→ Extracted records:
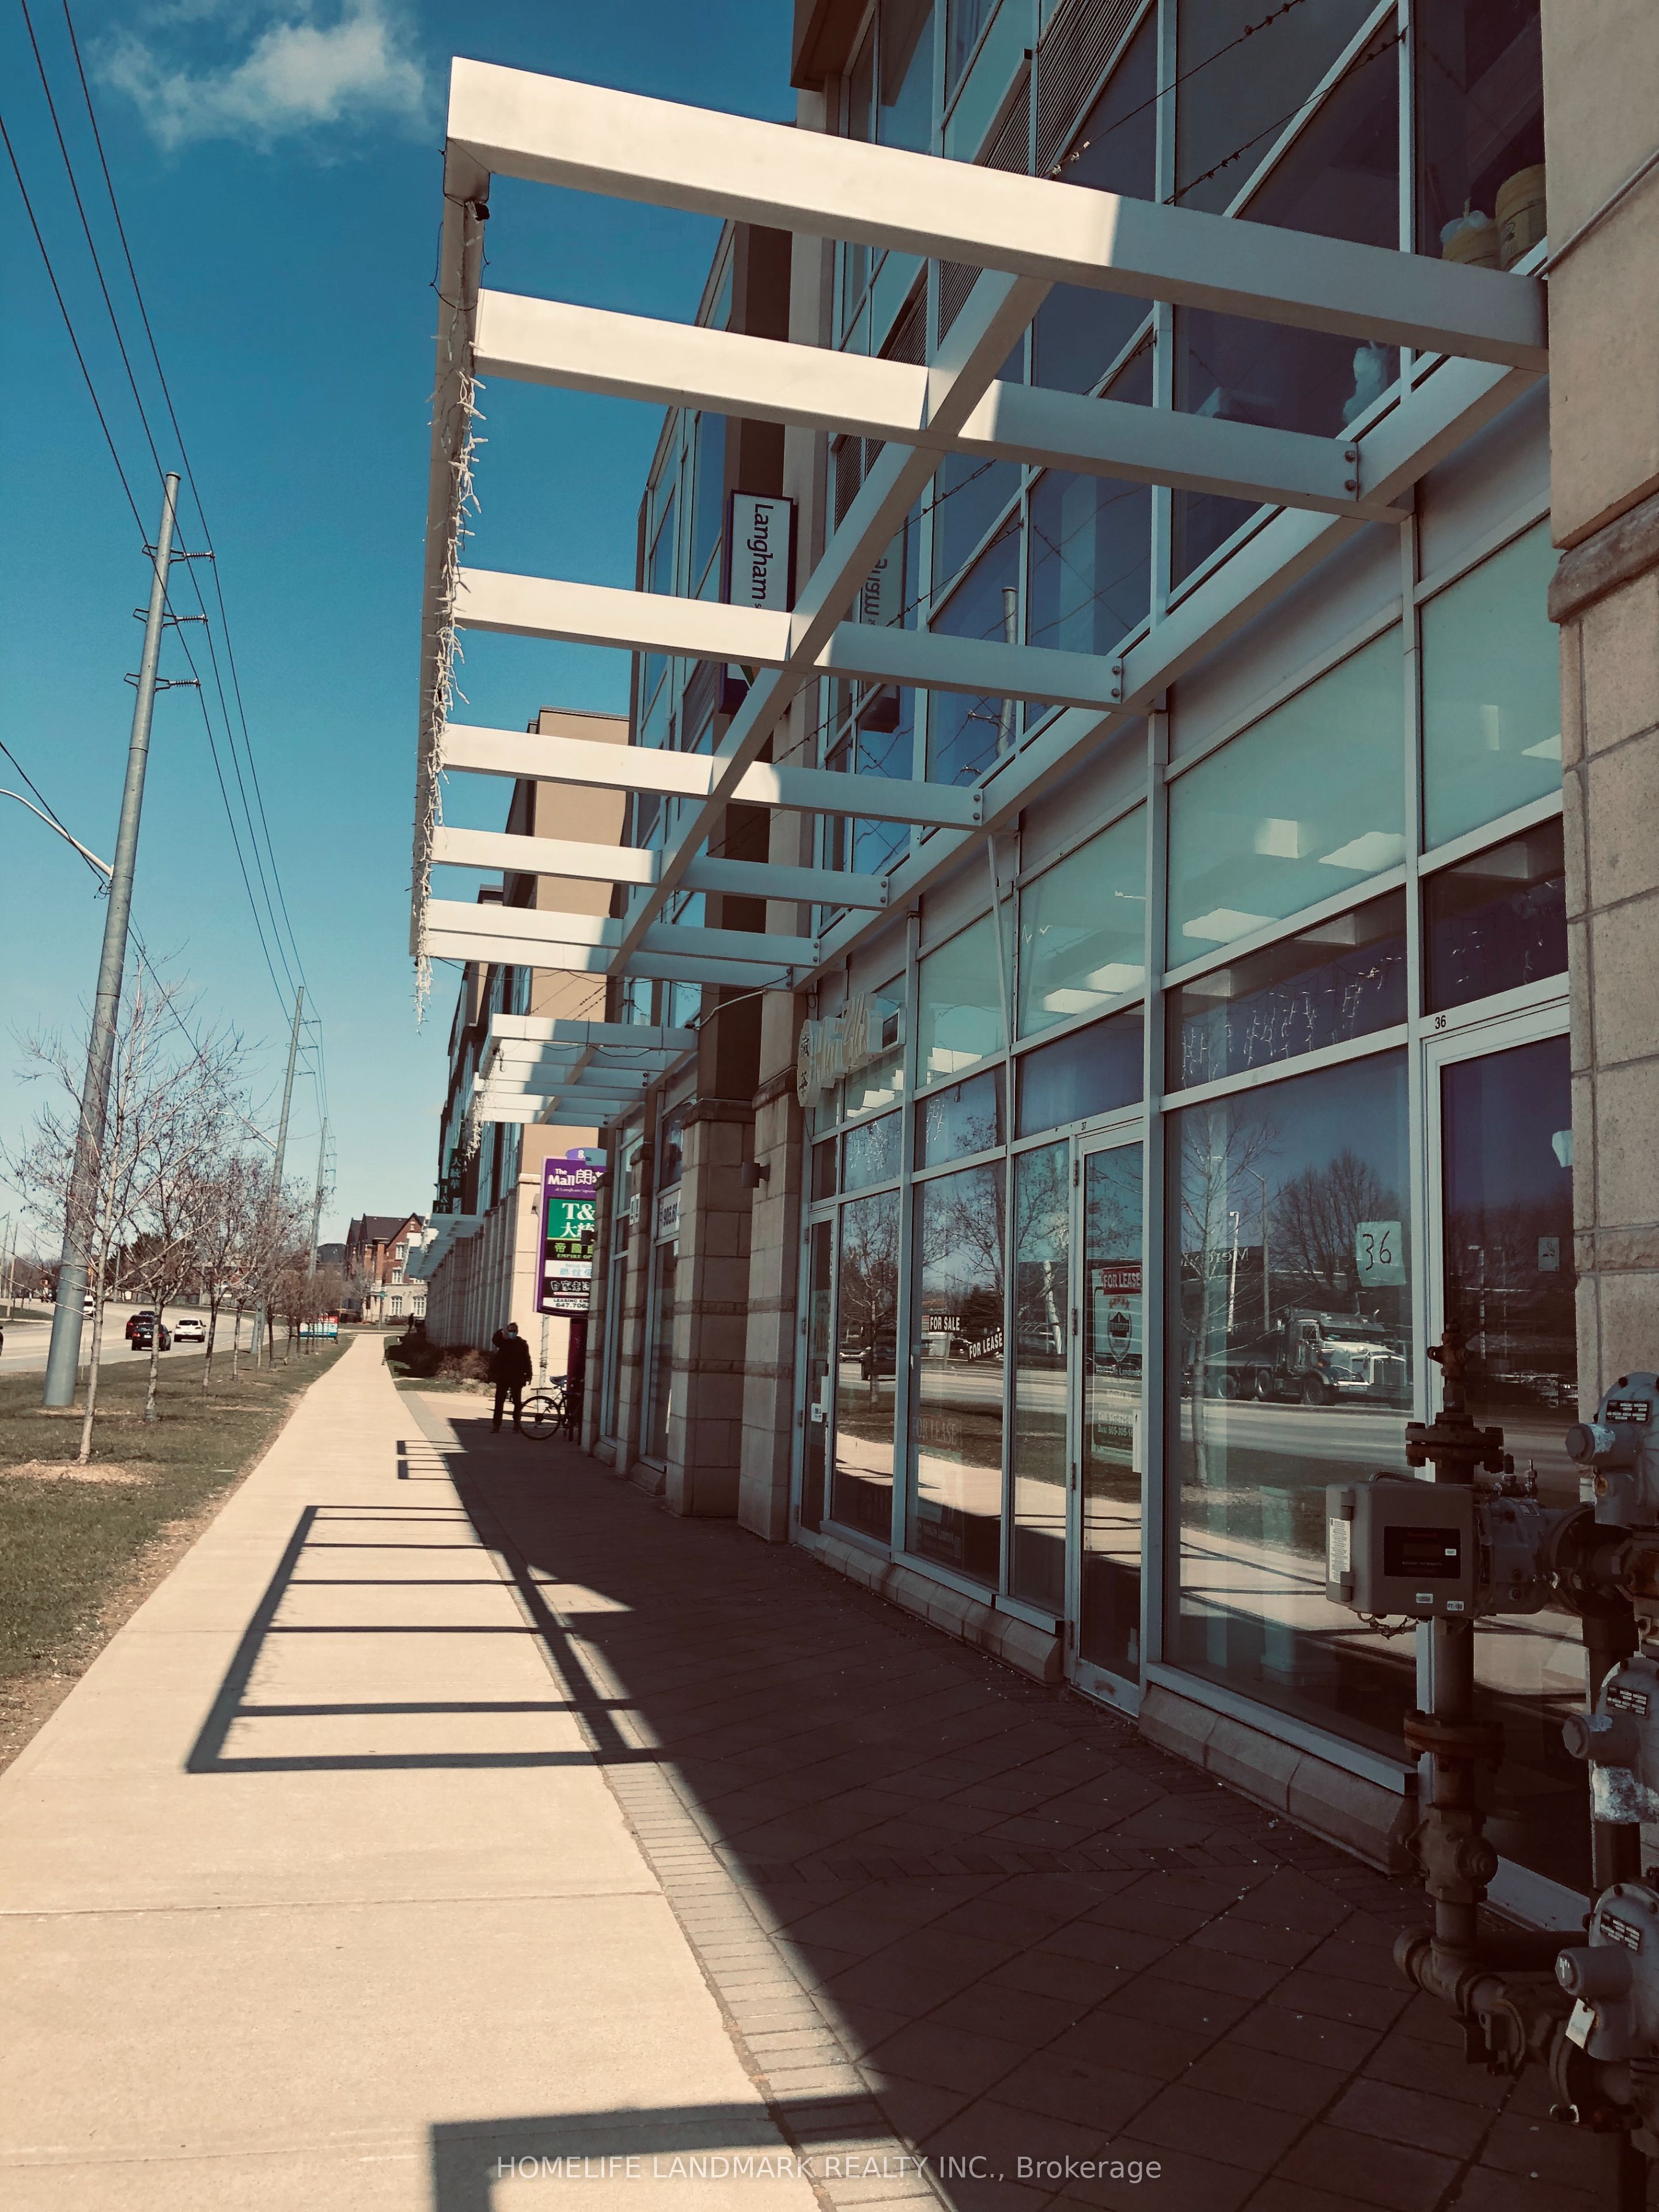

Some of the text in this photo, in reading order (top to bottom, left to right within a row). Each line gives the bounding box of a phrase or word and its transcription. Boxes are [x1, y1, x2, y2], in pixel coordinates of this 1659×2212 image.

[747, 503, 774, 600] Langham
[1435, 1014, 1446, 1029] 36
[1081, 1122, 1087, 1131] 37
[548, 1175, 575, 1186] Mall
[1362, 1230, 1392, 1271] 36
[1104, 1272, 1141, 1288] FOR LEASE
[930, 1316, 960, 1331] FOR SALE
[969, 1332, 1002, 1359] FOR LEASE
[912, 1417, 956, 1445] FOR LEASE

→ Aim of the task:
Without the pictures, write out every entry exactly as it appears.

→ Exercise result:
Some of the text in this photo, in reading order (top to bottom, left to right within a row). Each line gives the bounding box of a phrase or word and its transcription. Boxes are [x1, y1, x2, y2], in pixel coordinates of this 1659×2212 image.

[747, 503, 774, 600] Langham
[1435, 1014, 1446, 1029] 36
[1081, 1122, 1087, 1131] 37
[548, 1175, 575, 1186] Mall
[1362, 1230, 1392, 1271] 36
[1104, 1272, 1141, 1288] FOR LEASE
[930, 1316, 960, 1331] FOR SALE
[969, 1332, 1002, 1359] FOR LEASE
[912, 1417, 956, 1445] FOR LEASE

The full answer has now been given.